Beneath the glass, a volume of California history lies open to a navigator’s map of the coastline. The coastline is rendered in exquisite ink, with each rock and shoal noted—calligraphy that once charted the difference between life and death. Drake’s Bay, New Albion, San Nicolas Island, Punta Arena. There is no grid of the city, no Mission Street, no Sutter Street, no road or trail of any kind.
Henry tries to include Susanna in the conversation, but she is silent, reading. He is of two minds: ask her to dinner, or not. He does the math, she’s only twenty. Too young. And he is old enough to know better. On the other hand, his long time love is away on business for three weeks. He’s curious about Susanna, what she wants from life, how she plans to satisfy her desires, what she looks like with her clothes off, what ideas hide behind her wide, green eyes.
Henry purchases one of the rare books. His hand brushes the back of Susanna’s arm. Waves ripple through her, like grains of sand forming contours of a desert, or falling through a pirate’s hourglass.
Susanna does the math: Henry is at least a dozen, probably fifteen years older—closer to her parents’ generation than to hers. She’s lonely, on a runaway, roller-coaster rebound. Grieving with a sickening, vacant-lot melancholy, tempered by binges of ingesting tasty yet ultimately unsatisfying mind-altering substances. Susanna’s mother, at age twenty, had been already happily married, and pregnant. And happy. And married. Susanna’s ambitions are wider, taller: to design skyscrapers, perfect, peaceful urban villages, space colonies.
They walk the eight or ten or twelve or twenty blocks back to the gallery, because it is rush hour and the busses are overcrowded. Henry’s hand rests casually on her waist, his arm wing-like, guiding her down this street, criss-crossing through stalled vehicular traffic, then around a corner. He explains nuances of city history, points out details of a window, a roofline, a view that she never noticed before. She wonders whether or not there is a Big Official Rule against student / teacher liaisons. She surrenders to being led, protected.
Henry’s car is behind the gallery.
“Would you like a lift home?”
“No, thanks. My roommate is probably waiting here, somewhere.”
“How about dinner?’
A taxi blares its horn at that moment, and she pretends not to hear.

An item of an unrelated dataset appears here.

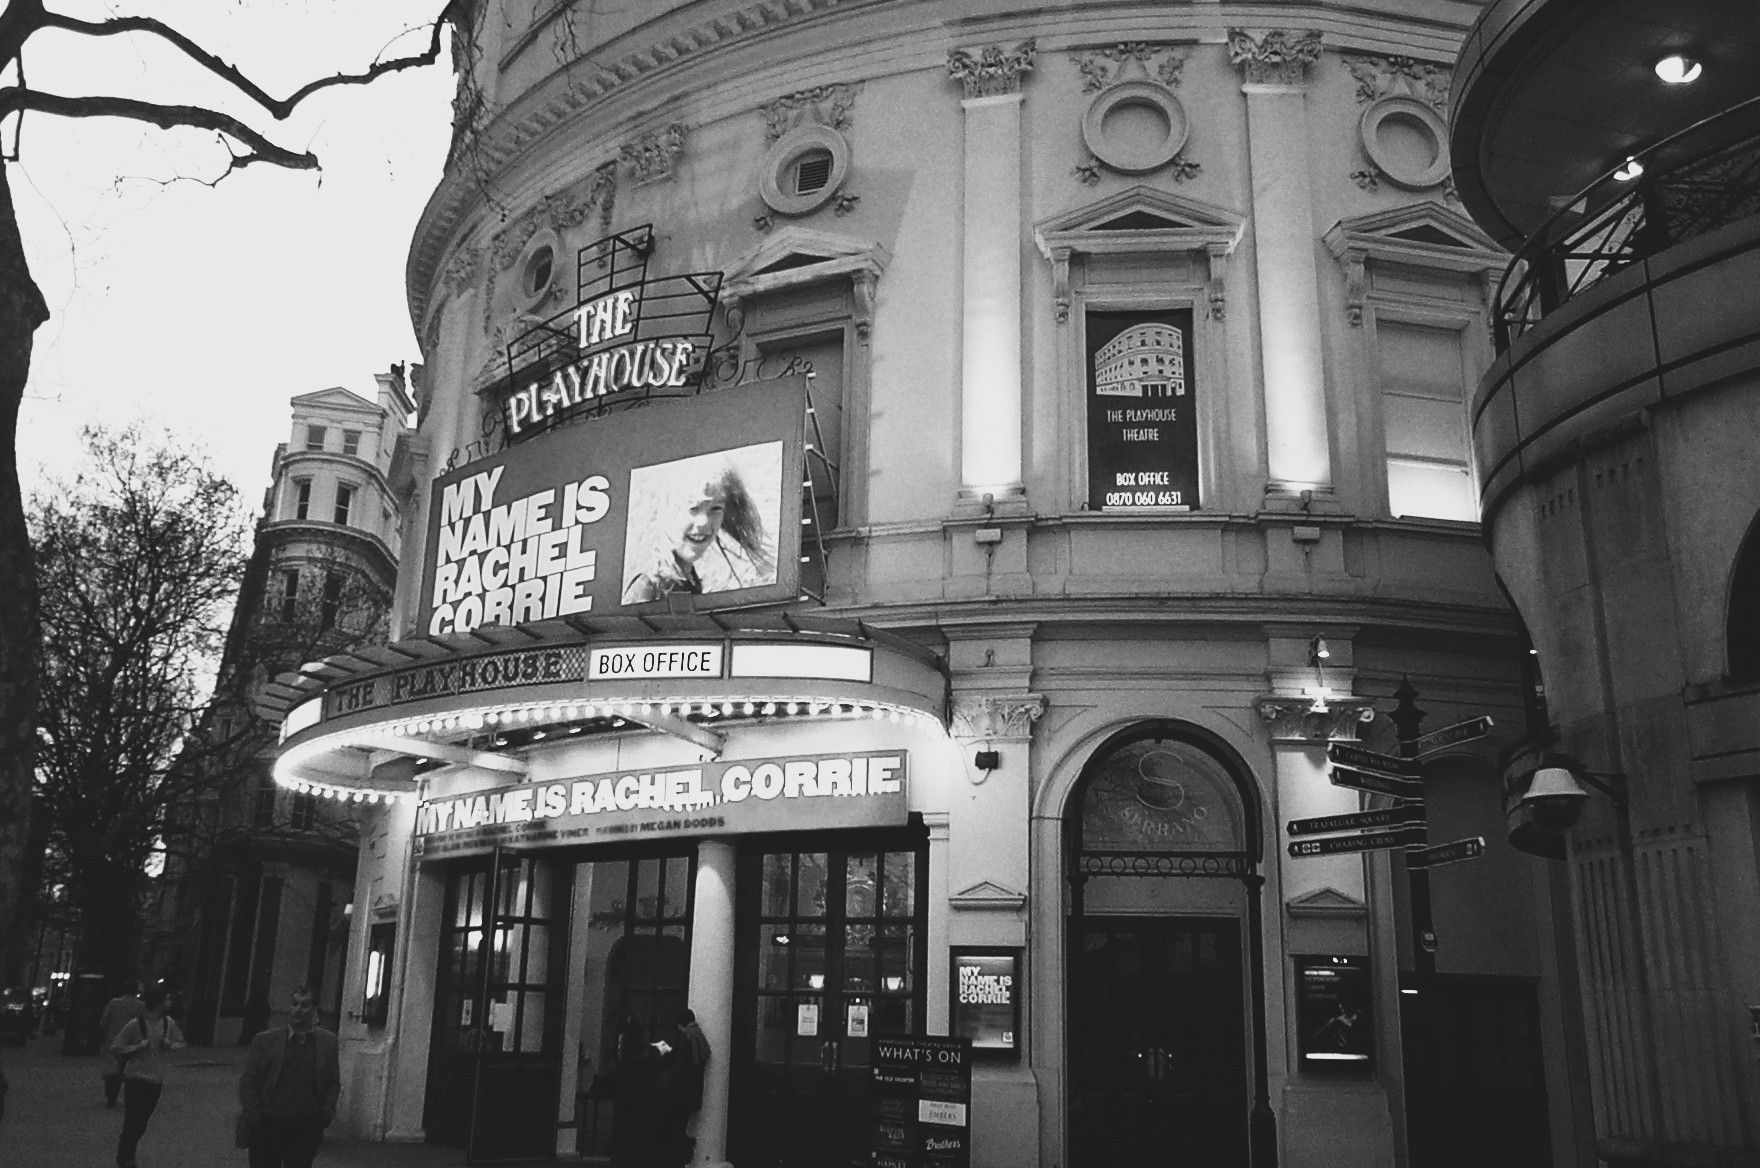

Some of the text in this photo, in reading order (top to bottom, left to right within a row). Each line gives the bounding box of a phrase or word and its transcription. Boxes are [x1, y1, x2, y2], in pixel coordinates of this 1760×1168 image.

Susanna spends the following week on campus, yet avoiding the department office. Technically, she is no longer enrolled in any of Henry’s classes, just working off an incomplete from last semester’s utopia seminar. She finds peace and quiet in the basement of the main library. Her paper is now officially two months overdue. She needs the credit to graduate. Graduation is three weeks away. She feels an irrational surge of nostalgia for the predictable, tender, friendship offered by Alain. She can’t date anyone else, she isn’t ready, she will never be ready, she will pledge as a nun at the Zen center.
At home, she half-waits for the phone to ring. When Henry calls the first time, she’s not there. Gwynne takes the message and reports, “He has a kind voice.”
“Umm. Yeah, he does.”
“You should go for it. You can’t just weep and mope about Alain forever,” Gwynne advises.
The next day, Susanna answers the phone.
“Will you be coming to the city tomorrow?” Henry asks. He knows there is a field trip scheduled for her public policy class.
“Not sure.”
“The planning commission hearing is at 10. We could have lunch afterwards.”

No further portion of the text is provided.